Insulin regulates POMC neuronal plasticity to control glucose metabolism

Garron T Dodd, Natalie J Michael, Robert S. Lee-Young, Salvatore P. Mangiafico, Jack T Pryor, Astrid C Munder, Stephanie E Simonds, Jens Claus Brüning, Zhong-Yin Zhang, Michael A Cowley, Sofianos Andrikopoulos, Tamas L Horvath, David Spanswick, Tony Tiganis

Research output: Contribution to journalArticleResearchpeer-review

Abstract

Hypothalamic neurons respond to nutritional cues by altering gene expression and neuronal excitability. The mechanisms that control such adaptive processes remain unclear. Here we define populations of POMC neurons in mice that are activated or inhibited by insulin and thereby repress or inhibit hepatic glucose production (HGP).
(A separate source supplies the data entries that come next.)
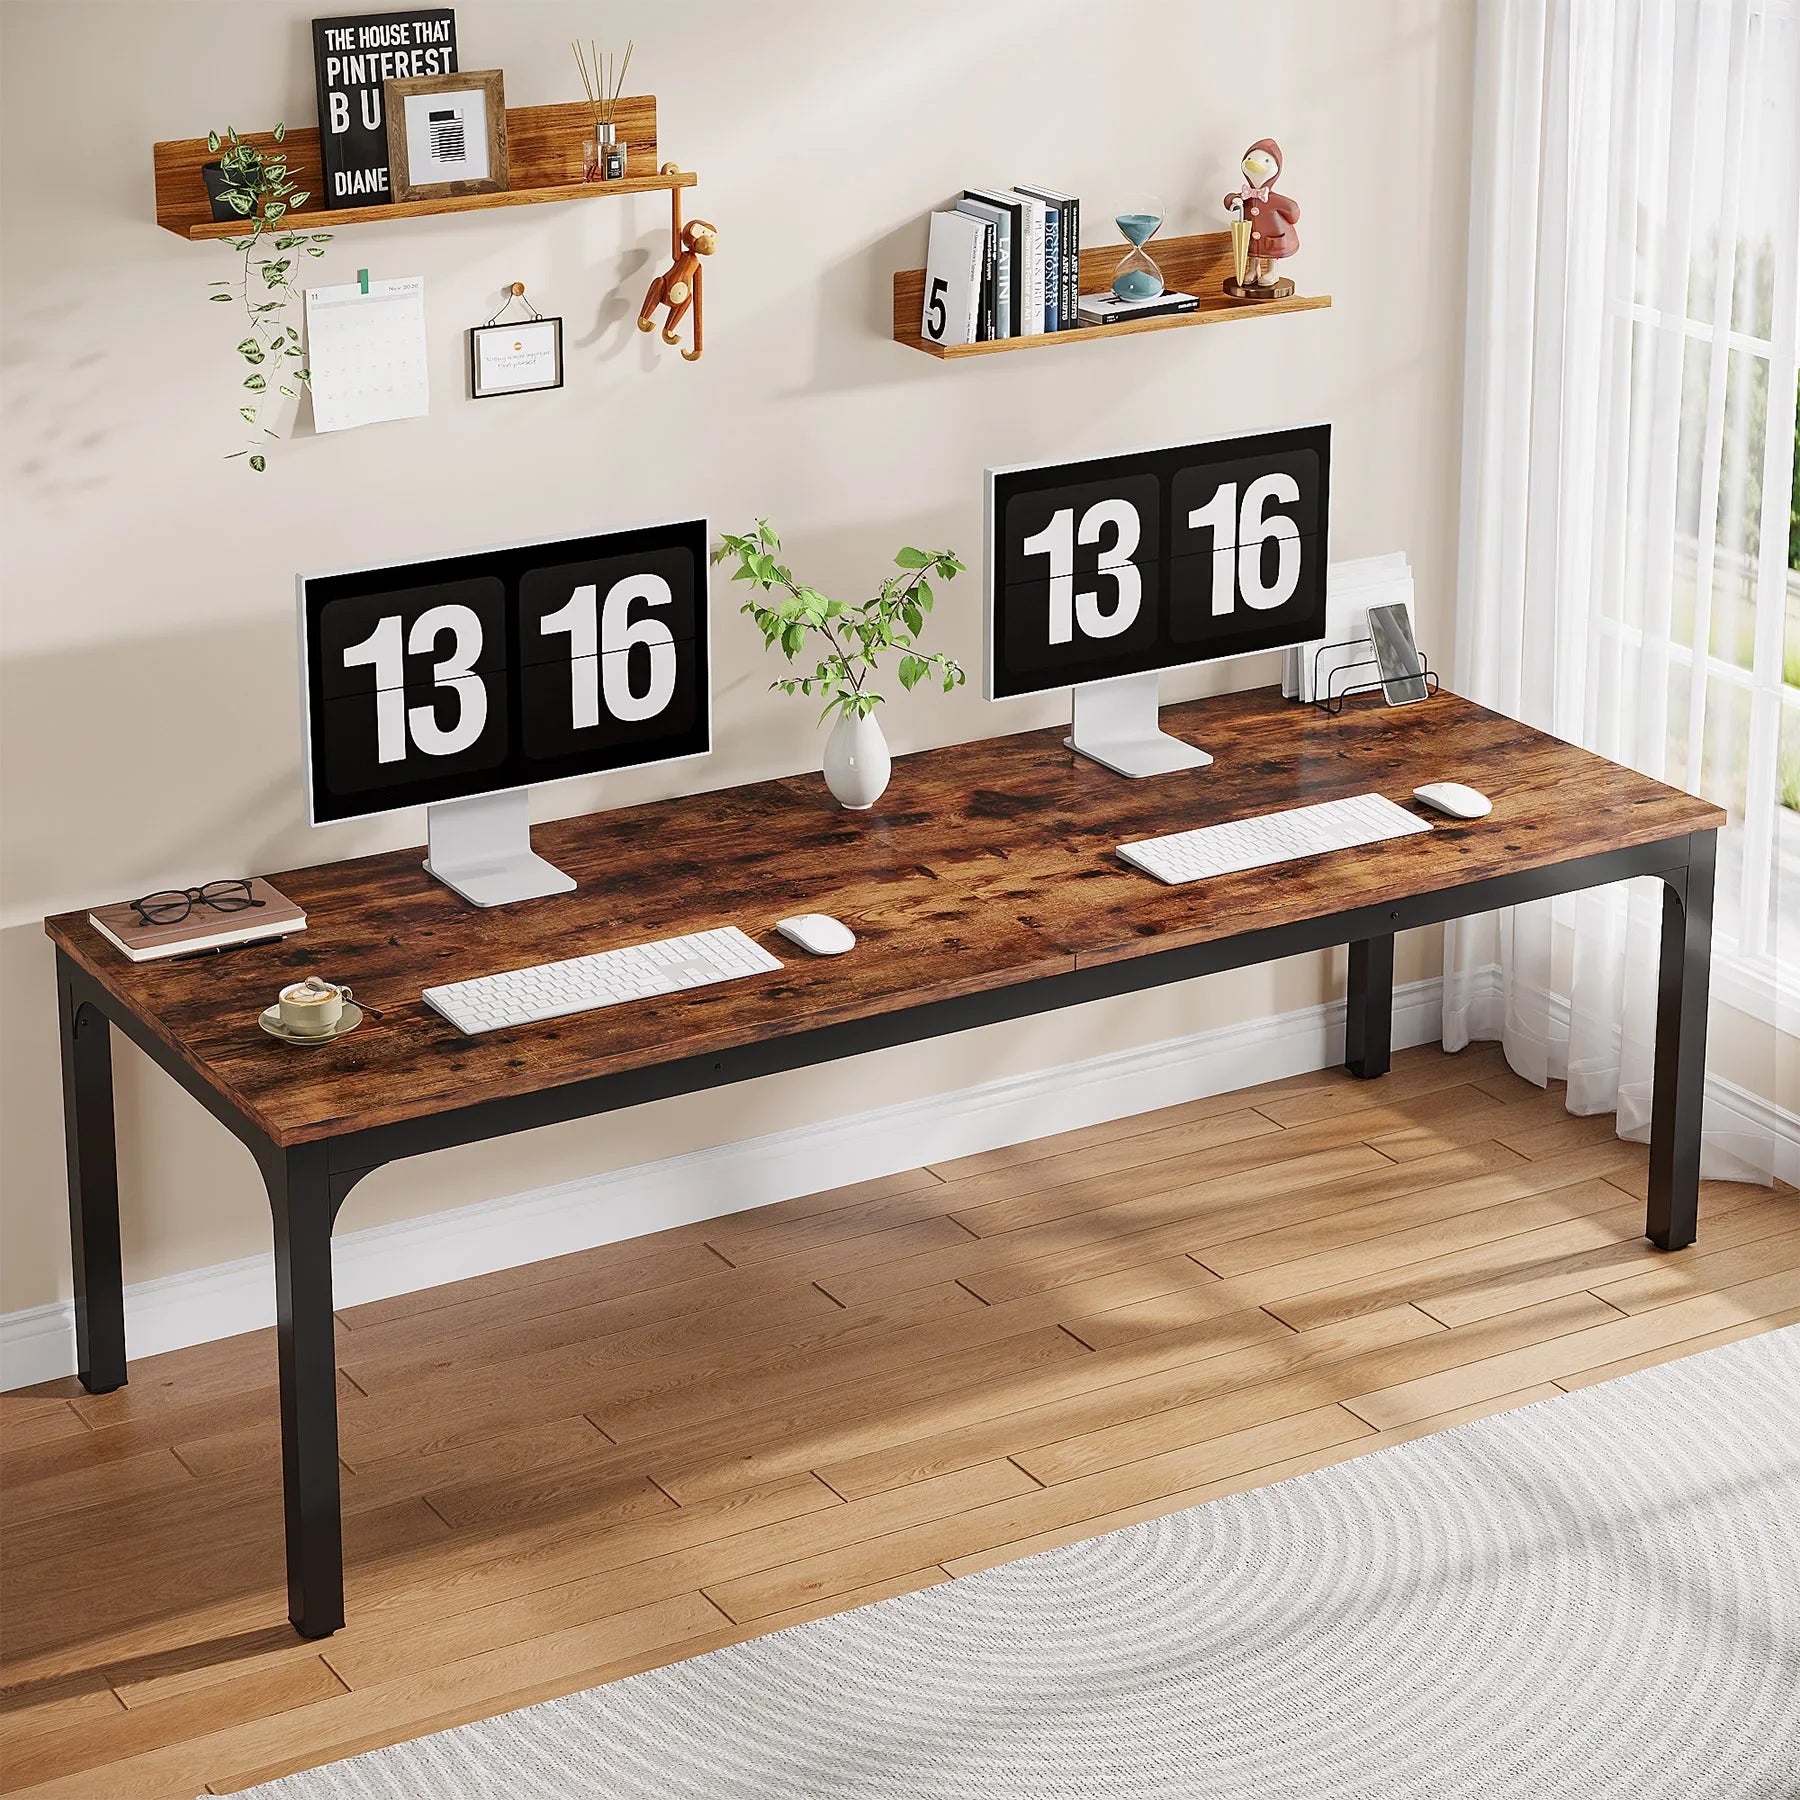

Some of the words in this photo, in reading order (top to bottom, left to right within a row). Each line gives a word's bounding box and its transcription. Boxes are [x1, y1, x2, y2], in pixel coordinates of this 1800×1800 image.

[325, 28, 356, 51] THE
[359, 23, 410, 48] HOUSE
[412, 19, 450, 43] THAT
[326, 46, 453, 87] PINTEREST
[334, 168, 389, 196] DIANE
[1024, 206, 1032, 234] Moving
[1035, 220, 1043, 266] PLANTS
[1045, 222, 1054, 308] DICTIONARY
[1063, 275, 1069, 283] &
[1071, 274, 1077, 282] &
[928, 277, 948, 339] 5
[1025, 296, 1031, 306] on
[1023, 498, 1142, 646] 13
[1188, 472, 1301, 616] 16
[343, 604, 488, 764] 13
[540, 573, 677, 730] 16
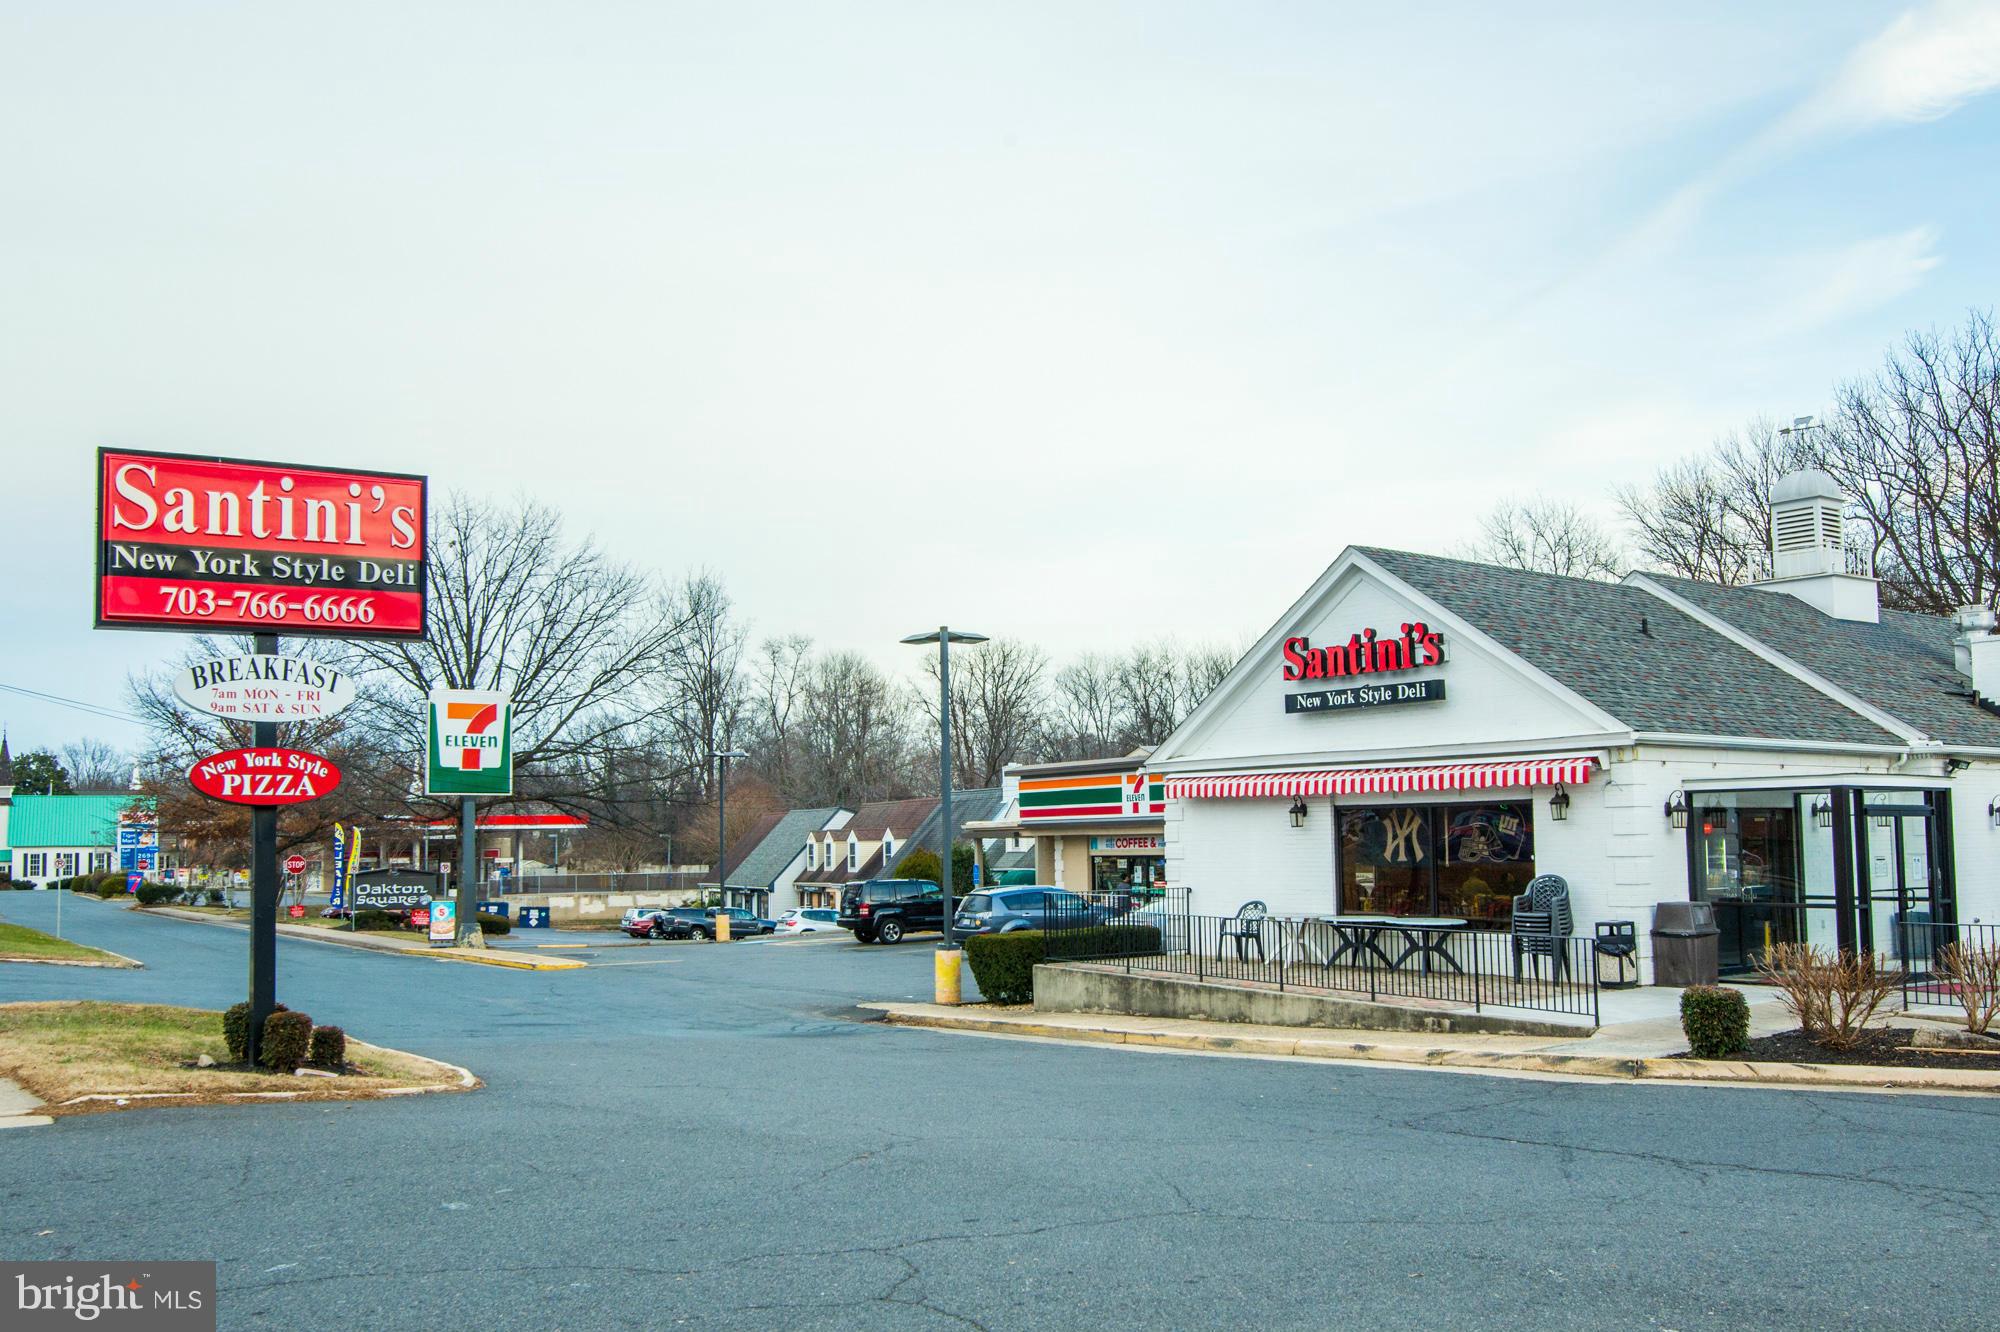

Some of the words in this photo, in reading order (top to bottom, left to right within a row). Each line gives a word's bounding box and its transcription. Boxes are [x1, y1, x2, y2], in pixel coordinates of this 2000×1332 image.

The proportion of POMC neurons activated by insulin was dependent on the regulation of insulin receptor signaling by the phosphatase TCPTP, which is increased by fasting, degraded after feeding and elevated in diet-induced obesity. TCPTP-deficiency enhanced insulin signaling and the proportion of POMC neurons activated by insulin to repress HGP. Elevated TCPTP in POMC neurons in obesity and/or after fasting repressed insulin signaling, the activation of POMC neurons by insulin and the insulin-induced and POMC-mediated repression of HGP. Our findings define a molecular mechanism for integrating POMC neural responses with feeding to control glucose metabolism.

Original languageEnglish
Article numbere38704
Number of pages30
JournaleLife
Volume7
DOIs
Publication statusPublished - 19 Sep 2018

Keywords

  • cellular signalling
  • glucose metabolism
  • human biology
  • hypothalamus
  • insulin
  • medicine
  • mouse
  • neuroscience
  • POMC neurons
  • protein tyrosine phosphatase

Cite this

Dodd, Garron T ; Michael, Natalie J ; Lee-Young, Robert S. ; Mangiafico, Salvatore P. ; Pryor, Jack T ; Munder, Astrid C ; Simonds, Stephanie E ; Brüning, Jens Claus ; Zhang, Zhong-Yin ; Cowley, Michael A ; Andrikopoulos, Sofianos ; Horvath, Tamas L ; Spanswick, David ; Tiganis, Tony. / Insulin regulates POMC neuronal plasticity to control glucose metabolism. In: eLife. 2018 ; Vol. 7.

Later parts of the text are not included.